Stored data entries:
*** Block opens ***

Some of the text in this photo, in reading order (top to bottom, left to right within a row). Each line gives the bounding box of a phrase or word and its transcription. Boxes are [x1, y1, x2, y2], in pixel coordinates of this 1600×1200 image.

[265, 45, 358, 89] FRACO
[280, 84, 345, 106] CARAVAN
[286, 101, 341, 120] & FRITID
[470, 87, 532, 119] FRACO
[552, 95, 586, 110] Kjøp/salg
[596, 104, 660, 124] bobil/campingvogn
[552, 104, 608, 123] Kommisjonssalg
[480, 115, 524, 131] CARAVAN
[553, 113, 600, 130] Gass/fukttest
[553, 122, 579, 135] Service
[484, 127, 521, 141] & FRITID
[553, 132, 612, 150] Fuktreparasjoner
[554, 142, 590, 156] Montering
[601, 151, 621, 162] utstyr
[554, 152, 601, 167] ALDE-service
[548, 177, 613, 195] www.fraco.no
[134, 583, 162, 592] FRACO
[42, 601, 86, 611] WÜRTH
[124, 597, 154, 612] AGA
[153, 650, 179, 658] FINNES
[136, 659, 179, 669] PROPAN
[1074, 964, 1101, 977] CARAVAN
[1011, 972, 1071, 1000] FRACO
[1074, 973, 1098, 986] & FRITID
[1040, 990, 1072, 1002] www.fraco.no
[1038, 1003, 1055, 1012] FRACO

*** Block closes ***
*** Block opens ***

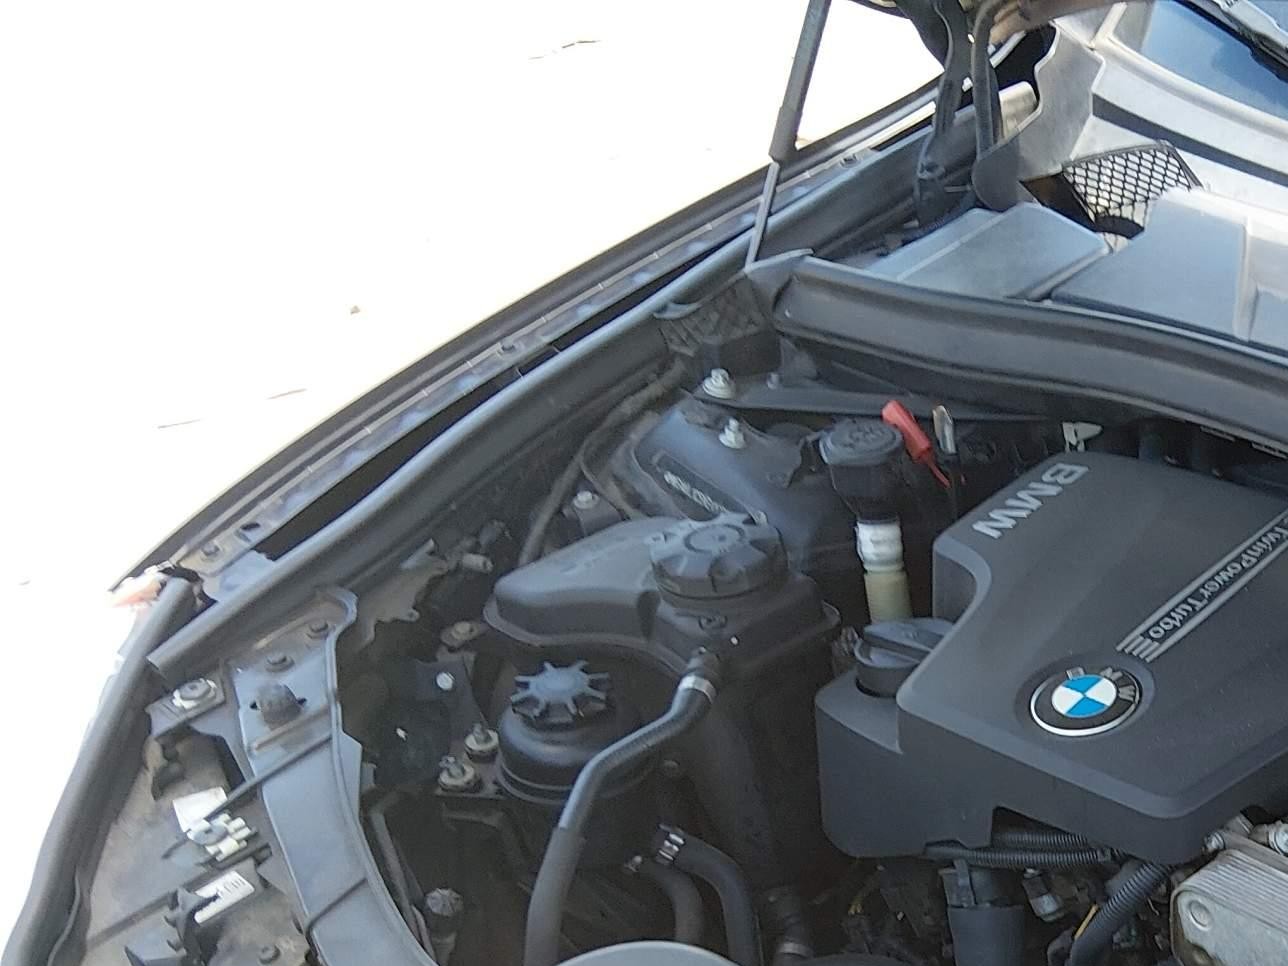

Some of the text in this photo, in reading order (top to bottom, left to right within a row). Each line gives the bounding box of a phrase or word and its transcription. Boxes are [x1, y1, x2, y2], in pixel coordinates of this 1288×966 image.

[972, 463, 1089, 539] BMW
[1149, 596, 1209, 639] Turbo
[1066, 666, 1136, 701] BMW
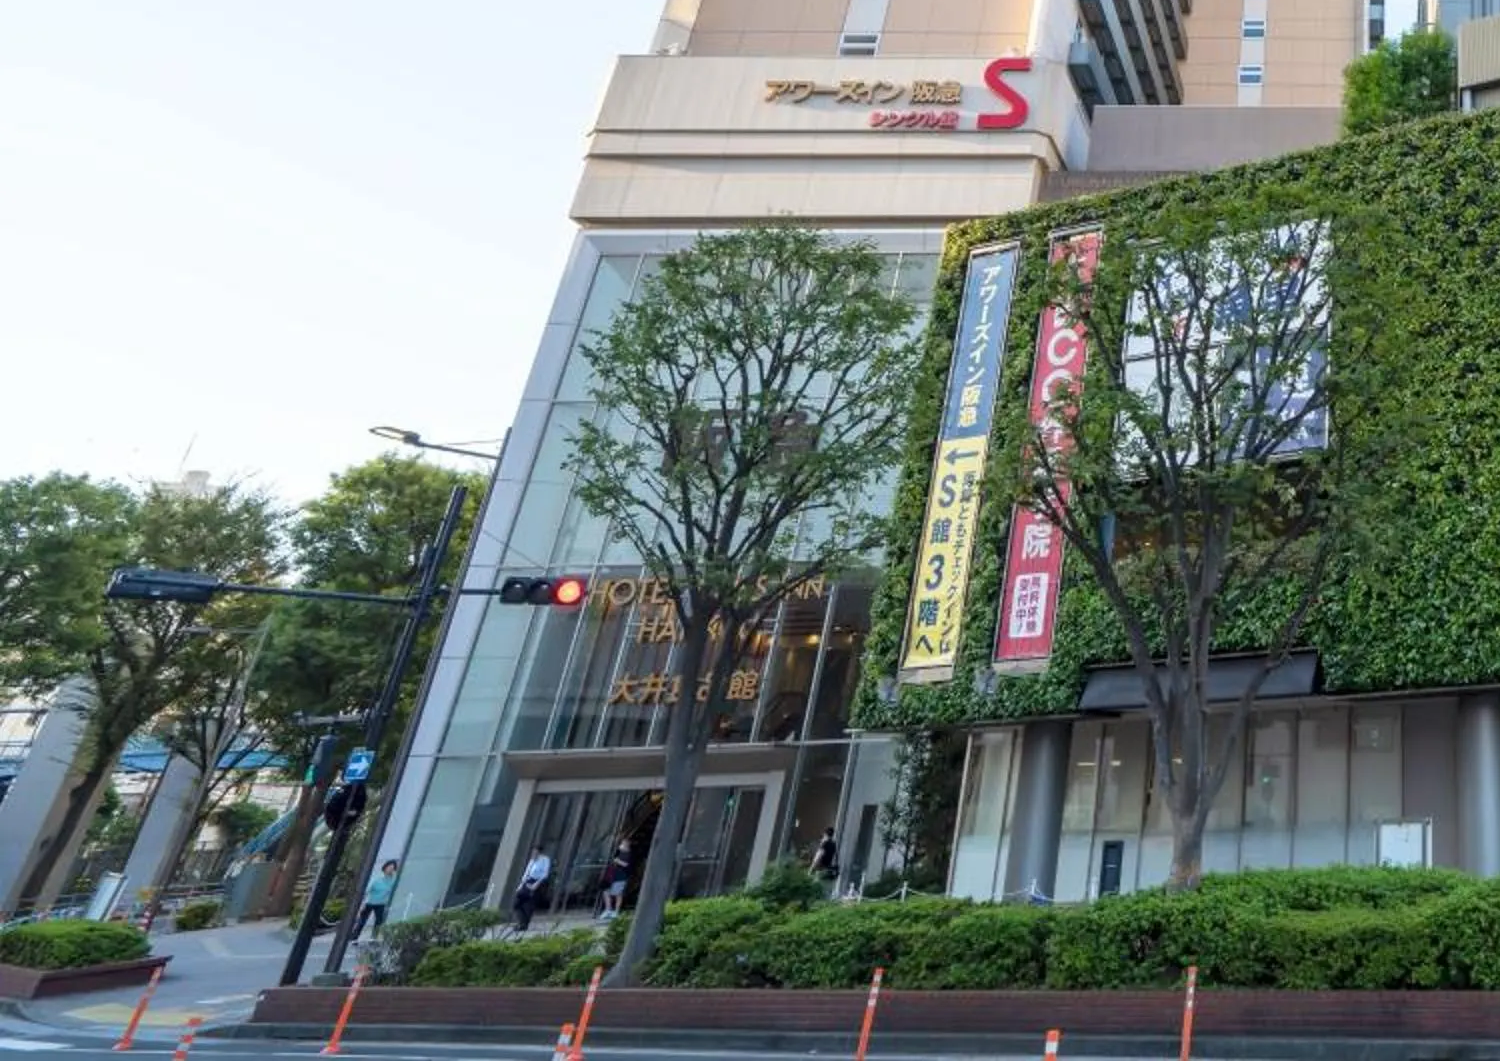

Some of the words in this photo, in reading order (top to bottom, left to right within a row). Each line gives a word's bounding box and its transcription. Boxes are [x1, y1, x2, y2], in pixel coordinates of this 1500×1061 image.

*** Block closes ***

Instructions to follow: The stretch to restate runs from the line above containing "this 1288×966 image." through the line containing "Some of the words". Copy it word for word, ends included, without pictures.

Output of the exercise:
Some of the text in this photo, in reading order (top to bottom, left to right within a row). Each line gives the bounding box of a phrase or word and its transcription. Boxes are [x1, y1, x2, y2], in pixel coordinates of this 1288×966 image.

[972, 463, 1089, 539] BMW
[1149, 596, 1209, 639] Turbo
[1066, 666, 1136, 701] BMW

Some of the words in this photo, in reading order (top to bottom, left to right within a row). Each line gives a word's bounding box and its transcription. Boxes are [x1, y1, x2, y2], in pixel coordinates of this 1500×1061 image.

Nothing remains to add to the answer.